Can you show me an example of the application servers?
About SELinux:

Code:

$ ls -Z /var/www/
    system_u:object_r:httpd_sys_content_t:s0 apache_pb.svg.bak
system_u:object_r:httpd_sys_script_exec_t:s0 cgi-bin
    system_u:object_r:httpd_sys_content_t:s0 html
 system_u:object_r:httpd_sys_rw_content_t:s0 wp
$ ls -Z /var/www/wp/
    system_u:object_r:httpd_sys_rw_content_t:s0 cgi-bin
    system_u:object_r:httpd_sys_rw_content_t:s0 error_log
    system_u:object_r:httpd_sys_rw_content_t:s0 googlee4e6cdb3b56c49dd.html
   system_u:object_r:httpd_sys_script_exec_t:s0 index.php
unconfined_u:object_r:httpd_sys_rw_content_t:s0 license.txt
    system_u:object_r:httpd_sys_rw_content_t:s0 readme.html
    system_u:object_r:httpd_sys_rw_content_t:s0 ssl
   system_u:object_r:httpd_sys_script_exec_t:s0 wordfence-waf.php
   system_u:object_r:httpd_sys_script_exec_t:s0 wp-activate.php
    system_u:object_r:httpd_sys_rw_content_t:s0 wp-admin
   system_u:object_r:httpd_sys_script_exec_t:s0 wp-blog-header.php
   system_u:object_r:httpd_sys_script_exec_t:s0 wp-comments-post.php
   system_u:object_r:httpd_sys_script_exec_t:s0 wp-config.php
unconfined_u:object_r:httpd_sys_rw_content_t:s0 wp-config-sample.php
    system_u:object_r:httpd_sys_rw_content_t:s0 wp-content
   system_u:object_r:httpd_sys_script_exec_t:s0 wp-cron.php
    system_u:object_r:httpd_sys_rw_content_t:s0 wp-includes
   system_u:object_r:httpd_sys_script_exec_t:s0 wp-links-opml.php
   system_u:object_r:httpd_sys_script_exec_t:s0 wp-load.php
   system_u:object_r:httpd_sys_script_exec_t:s0 wp-login.php
   system_u:object_r:httpd_sys_script_exec_t:s0 wp-mail.php
   system_u:object_r:httpd_sys_script_exec_t:s0 wp-settings.php
   system_u:object_r:httpd_sys_script_exec_t:s0 wp-signup.php
    system_u:object_r:httpd_sys_rw_content_t:s0 wp-statistics.log
   system_u:object_r:httpd_sys_script_exec_t:s0 wp-trackback.php
   system_u:object_r:httpd_sys_script_exec_t:s0 xmlrpc.php
    system_u:object_r:httpd_sys_rw_content_t:s0 zhupclient_key.1567309333.html
    system_u:object_r:httpd_sys_rw_content_t:s0 zhupclient_key.1567317901.html

Is it OK?

computersavvy · 03-01-2021, 12:26 PM

Hard to answer without knowing what those php scripts do and how selinux attributes are configured on the rest of the system. Also ownership has an affect, which could have been shown by "ls -lZ ..."
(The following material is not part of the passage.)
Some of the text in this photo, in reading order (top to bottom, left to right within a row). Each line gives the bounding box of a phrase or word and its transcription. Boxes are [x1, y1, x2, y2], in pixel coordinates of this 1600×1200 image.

The fact that they appear to be executable scripts automatically makes them suspect, but as long as they are restricted to functioning within the bounds of the web server and its user space that should be fine.
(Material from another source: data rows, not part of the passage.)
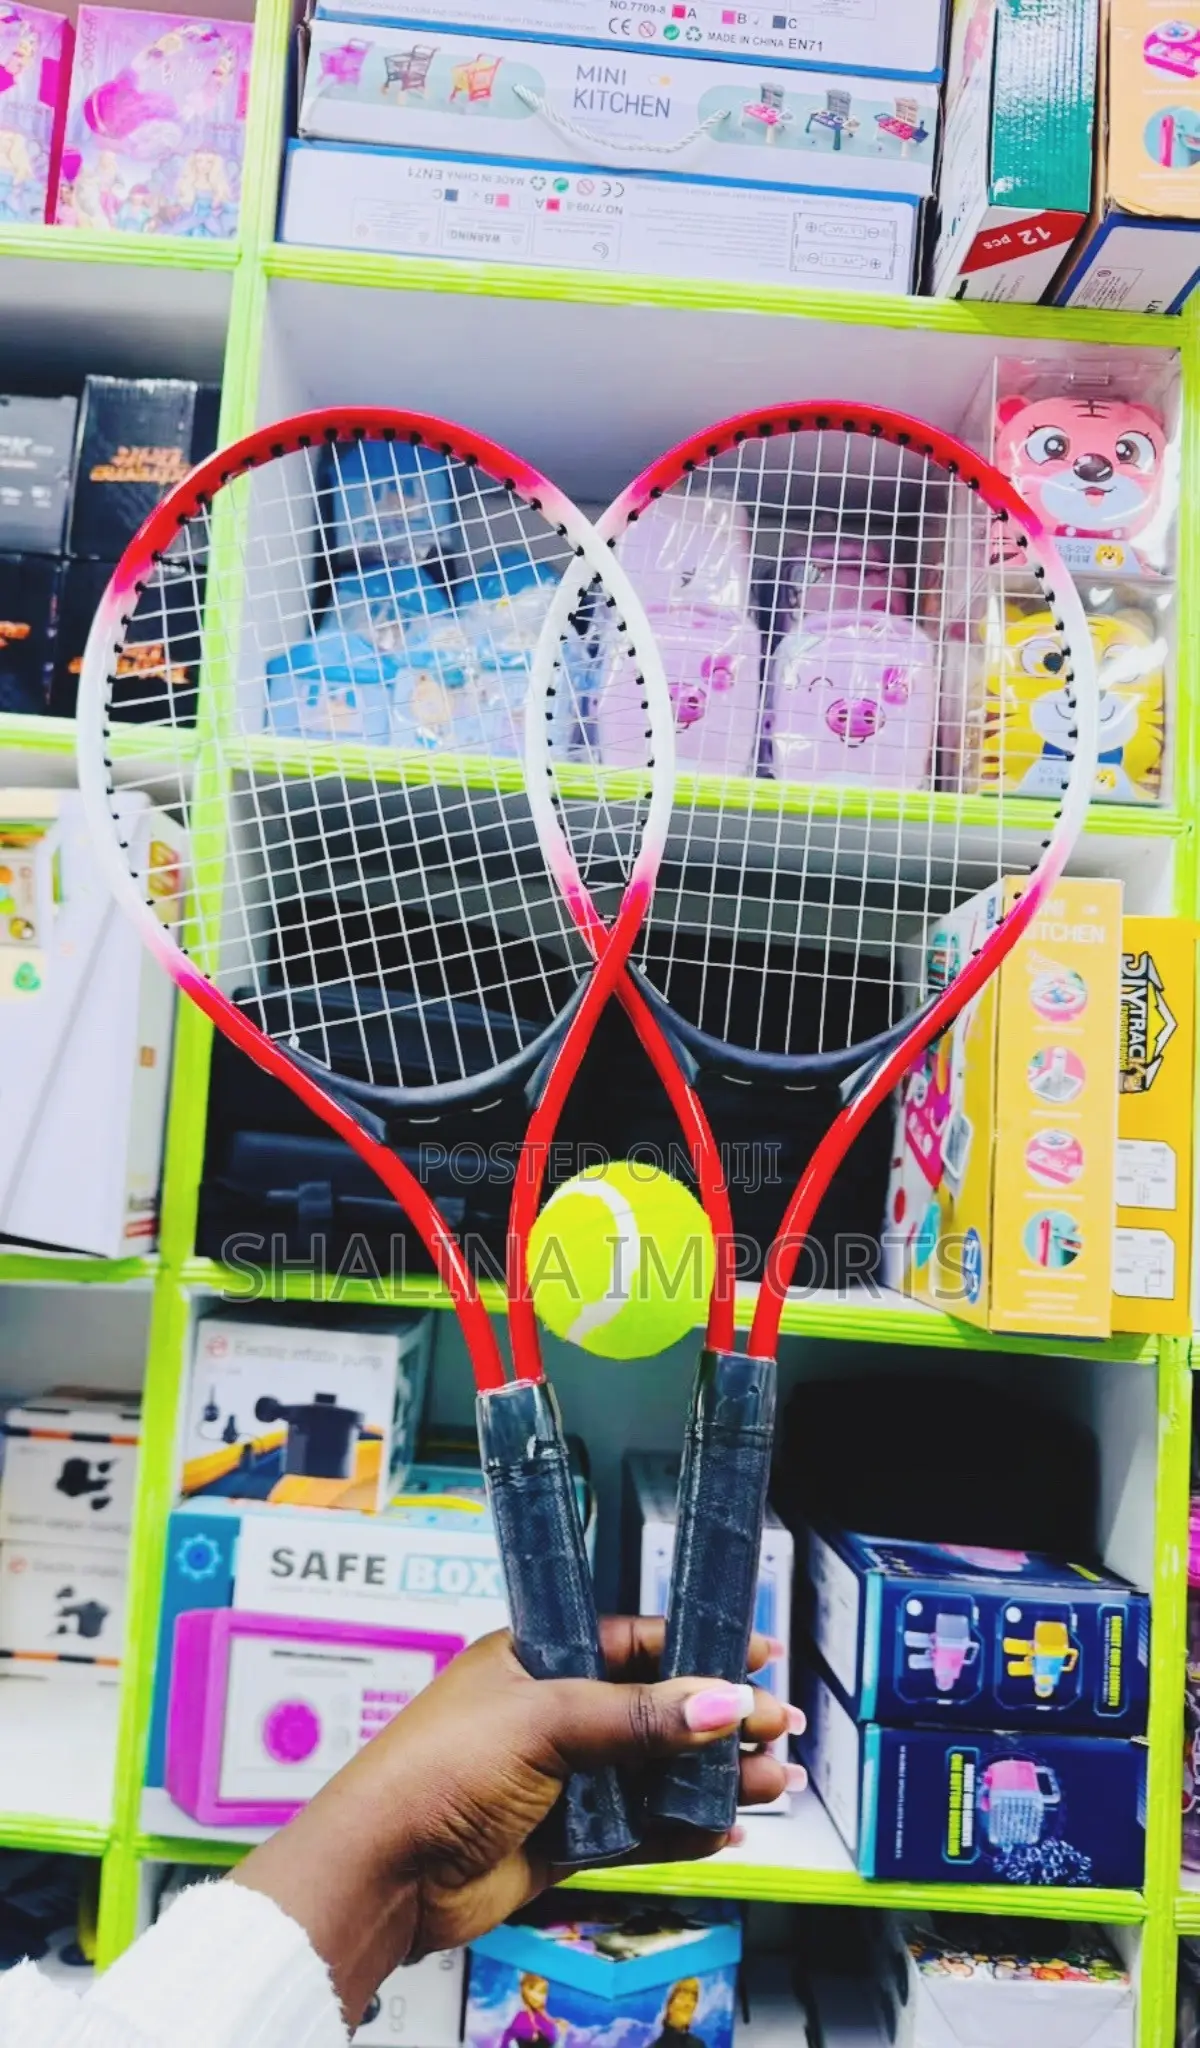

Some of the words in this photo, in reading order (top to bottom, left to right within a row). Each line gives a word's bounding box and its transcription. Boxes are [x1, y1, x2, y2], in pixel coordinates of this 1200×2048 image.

[687, 8, 697, 19] A
[707, 32, 736, 44] MADE
[740, 36, 749, 44] IN
[752, 37, 784, 47] CHINA
[788, 38, 822, 52] EN71
[576, 64, 627, 86] MINI
[573, 87, 671, 119] KITCHEN
[408, 165, 443, 181] EN71
[982, 234, 1012, 250] pcs
[1016, 226, 1052, 246] 12
[270, 1548, 387, 1586] SAFE
[404, 1555, 500, 1597] BOX
n00b_noob · 03-02-2021, 12:42 PM

Quote:

Originally Posted by computersavvy

Hard to answer without knowing what those php scripts do and how selinux attributes are configured on the rest of the system. Also ownership has an affect, which could have been shown by "ls -lZ ..."

The fact that they appear to be executable scripts automatically makes them suspect, but as long as they are restricted to functioning within the bounds of the web server and its user space that should be fine.

Thank you.
The owner of the files and directories is "apache" user.